Nonetheless, Trump allies were bullish on the prospect of Trump eventually headlining the kinds of online campaign activities, including virtual town halls and fundraisers, that he participated in at the start of the pandemic. And if he is feeling well in two weeks, those around Trump expect him to hit the campaign trail again and participate in the remaining two presidential debates. The Republican close to the president and a Trump friend said they didn’t expect Trump would agree to participate in a virtual debate.

The Trump campaign only said that campaign events for the next week in Wisconsin, California, Arizona, Nevada and Pennsylvania are postponed.

“It’s all in flux,” said the Republican close to the president. “But you have to keep fighting the fight.”

The person said it might not be so bad if Trump is off the road for a couple weeks, because he won’t say anything controversial at a rally. Conversely, though, “My fear is that he’s alone with a Twitter feed,” the person said.

While Pence is expected to resume his travel plans for campaign-related events, the vice president plans to strike a balance in an effort not to upstage Trump or make it appear he isn’t governing, the Trump friend said: “In the cast of the Trump movie, there is only one star.”

On Friday afternoon, the vice president replaced Trump to host a White House call about the pandemic with vulnerable seniors. Pence said Trump had asked him to lead the call, according to the senior administration official.

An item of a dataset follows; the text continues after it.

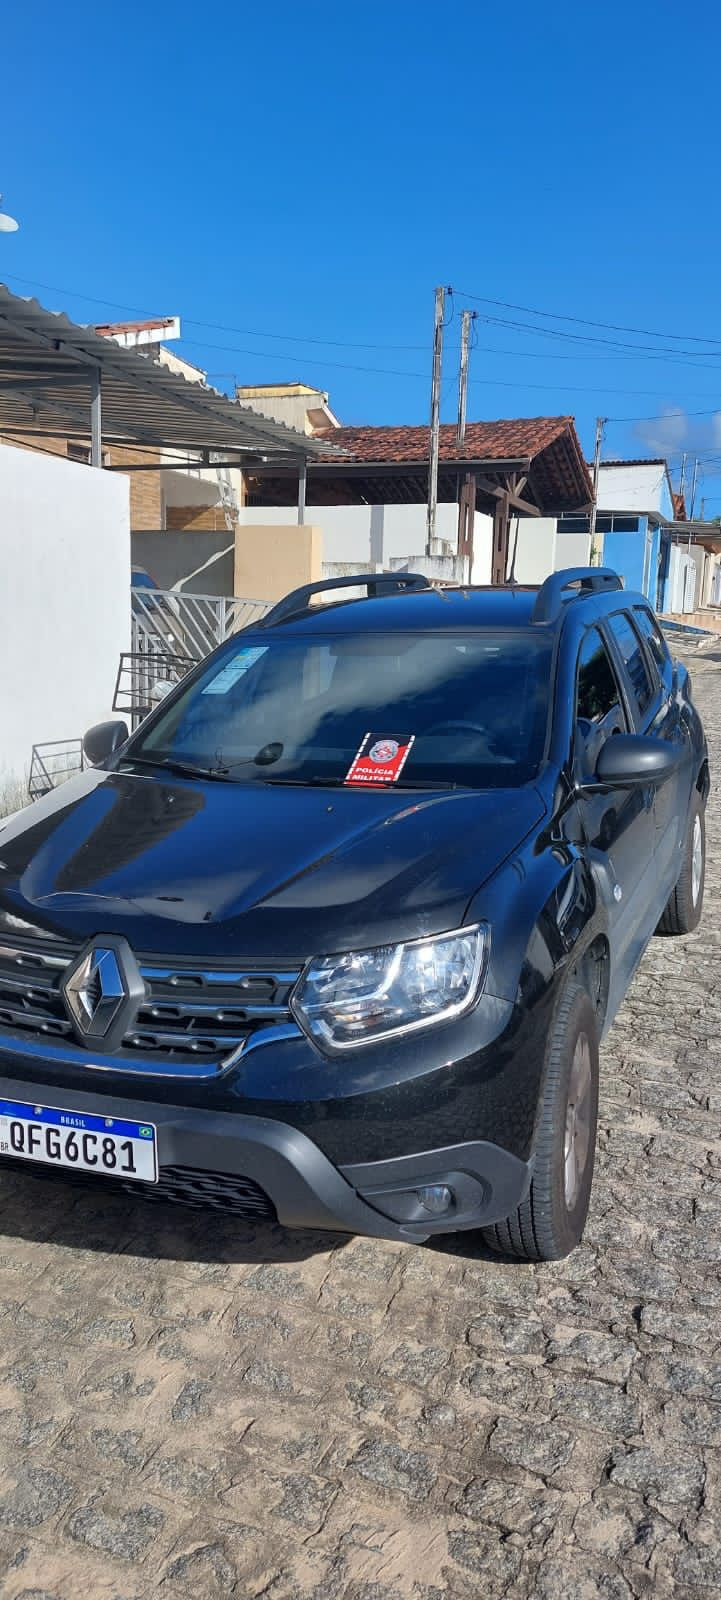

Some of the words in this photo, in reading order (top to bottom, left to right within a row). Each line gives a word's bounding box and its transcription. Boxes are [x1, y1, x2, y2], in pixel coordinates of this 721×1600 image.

[355, 767, 393, 775] POLÍCIA
[60, 1116, 86, 1128] BRASIL
[10, 1121, 137, 1173] QFG6C81

The Trump campaign had hoped to use Friday’s jobs reports to switch from his much-criticized performance at Tuesday’s debate to the economy. But instead the country was abuzz with Trump’s news as the U.S. added 661,000 just jobs in September, well below expectations of 1 million.

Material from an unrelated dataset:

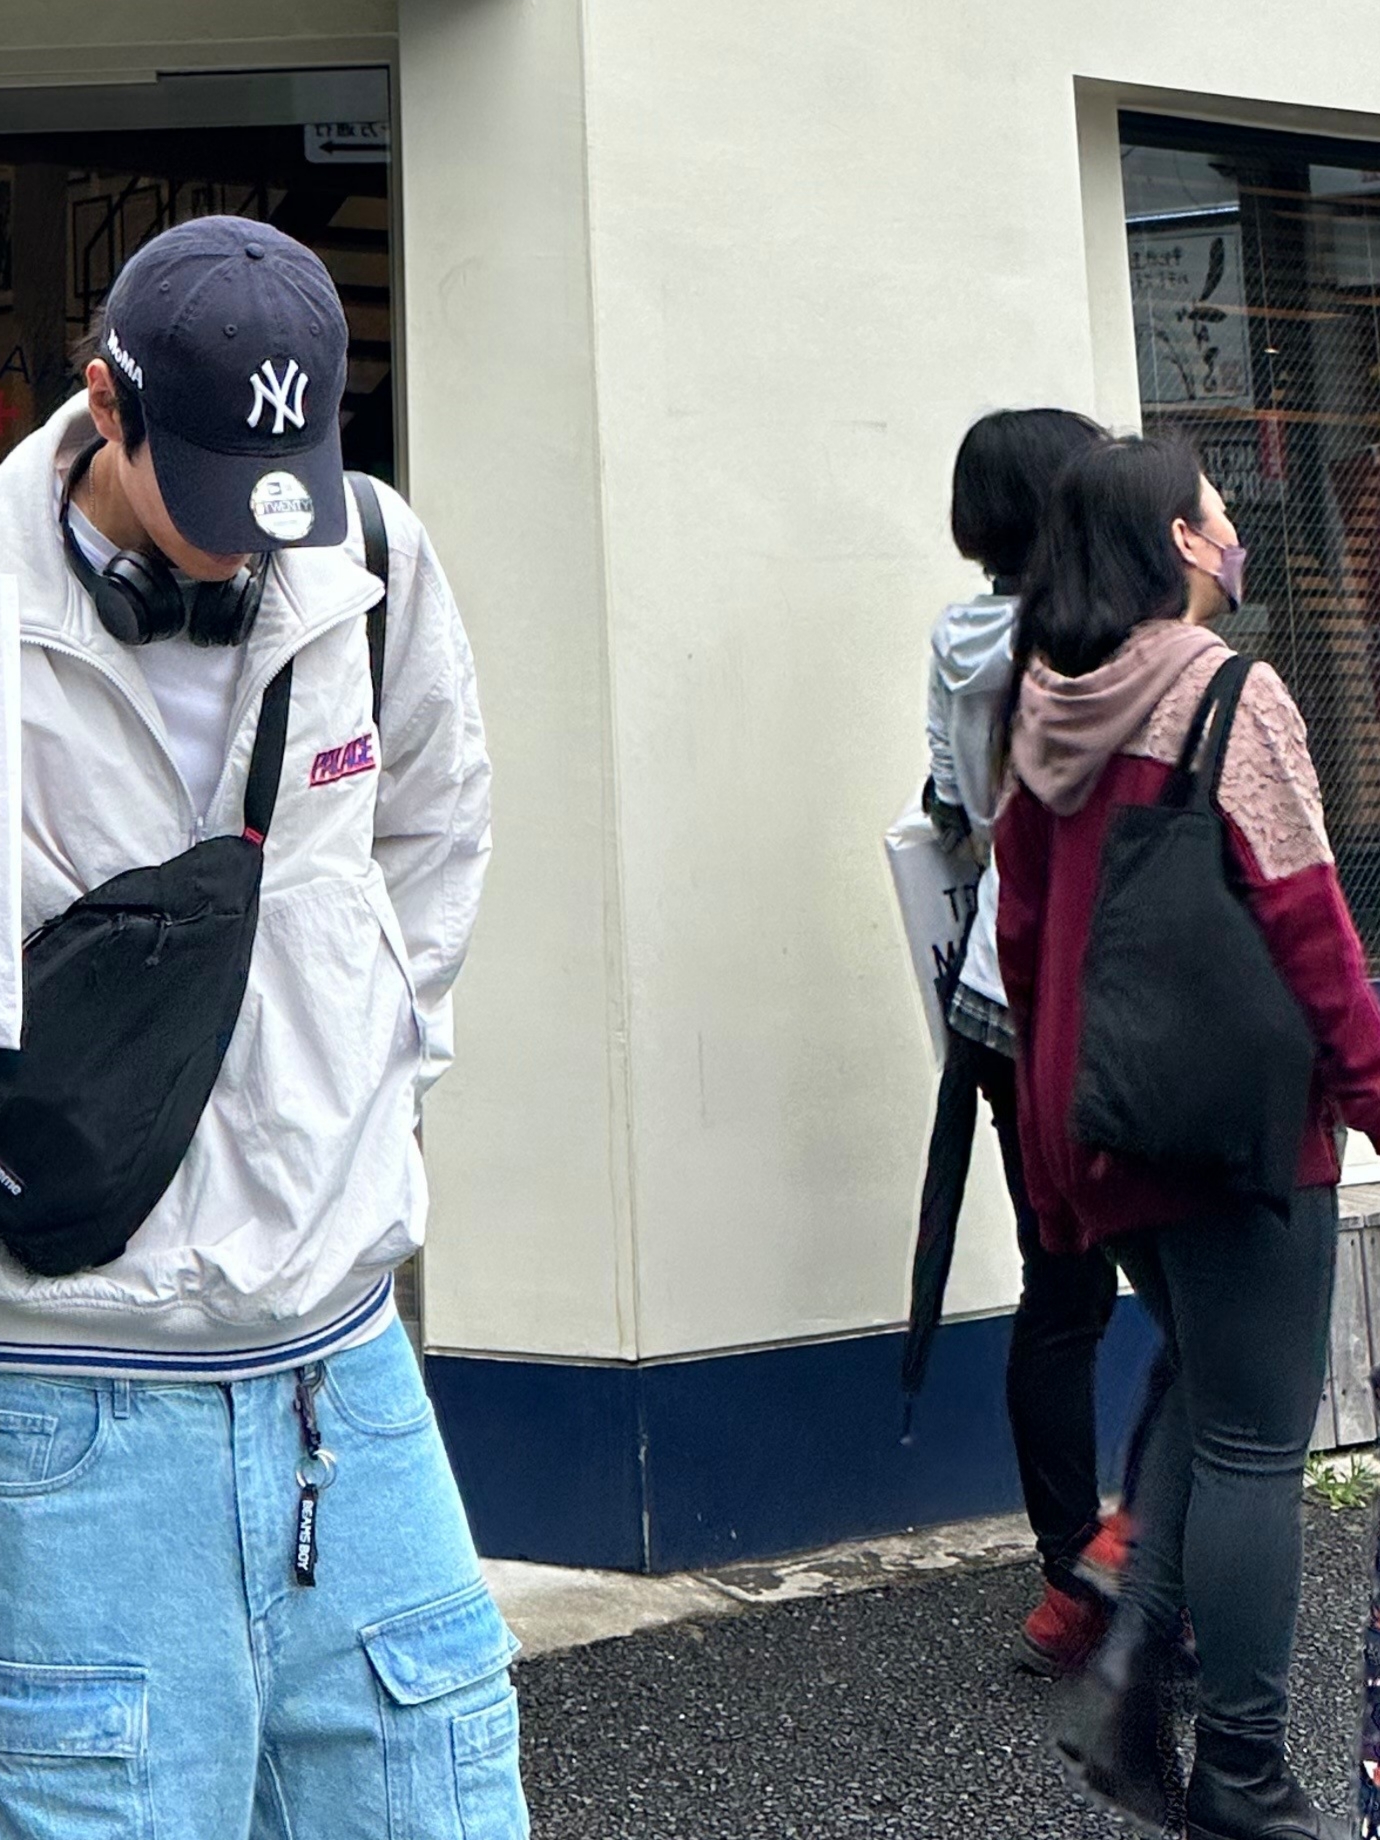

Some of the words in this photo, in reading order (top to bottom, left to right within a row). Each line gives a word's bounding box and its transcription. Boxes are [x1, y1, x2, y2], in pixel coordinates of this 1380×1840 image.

“We had a really good September and some good momentum, I don’t know if the president’s diagnosis makes it better or worse, but this pauses some of the momentum, we’ll have to see how voters react to this,” said a Republican close to the Trump campaign.

The Trump friend insisted the president still has a chance to turn the campaign around — showing he can personally fight coronavirus, push through Barrett’s confirmation and perhaps secure a coronavirus stimulus package, admittedly a “tall task,” the person conceded.

“The president has to keep a minimal schedule and see how he feels,” said a second Republican close to the campaign, who added that “it’s way too early to be able to tell” whether Trump will be able to participate in the second presidential debate, which is set to take place Oct. 15 in Miami.

White House officials who have previously tested positive for the virus have been asked to self-isolate for 14 days and receive two negative test results before returning to work. But current and former White House officials said they hope the president can remain active in some capacity during his period of isolation.

White House chief of staff Mark Meadows and several senators Trump is close to proactively mentioned that they had talked to the president on Friday and described how engaged he was.

While there are lingering fears that more cases could crop up around the president, several of the president’s top aides who traveled with him to Cleveland for Tuesday’s debate or attended his rally in Duluth, Minn., on Wednesday tested negative after learning of their boss’s results. The rest of the president’s family also tested negative. Similarly, Meadows said he and other senior officials, including White House deputy chief of staff for communications Dan Scavino, also got negative test results Friday morning.

“At the same time,” Meadows said, “I fully expect that as this virus continues to go on other people in the White House will certainly have a positive test result and we’ve got the mitigation plan in place to make sure the government not only continues to move forward but the work of the American people continues to move forward.”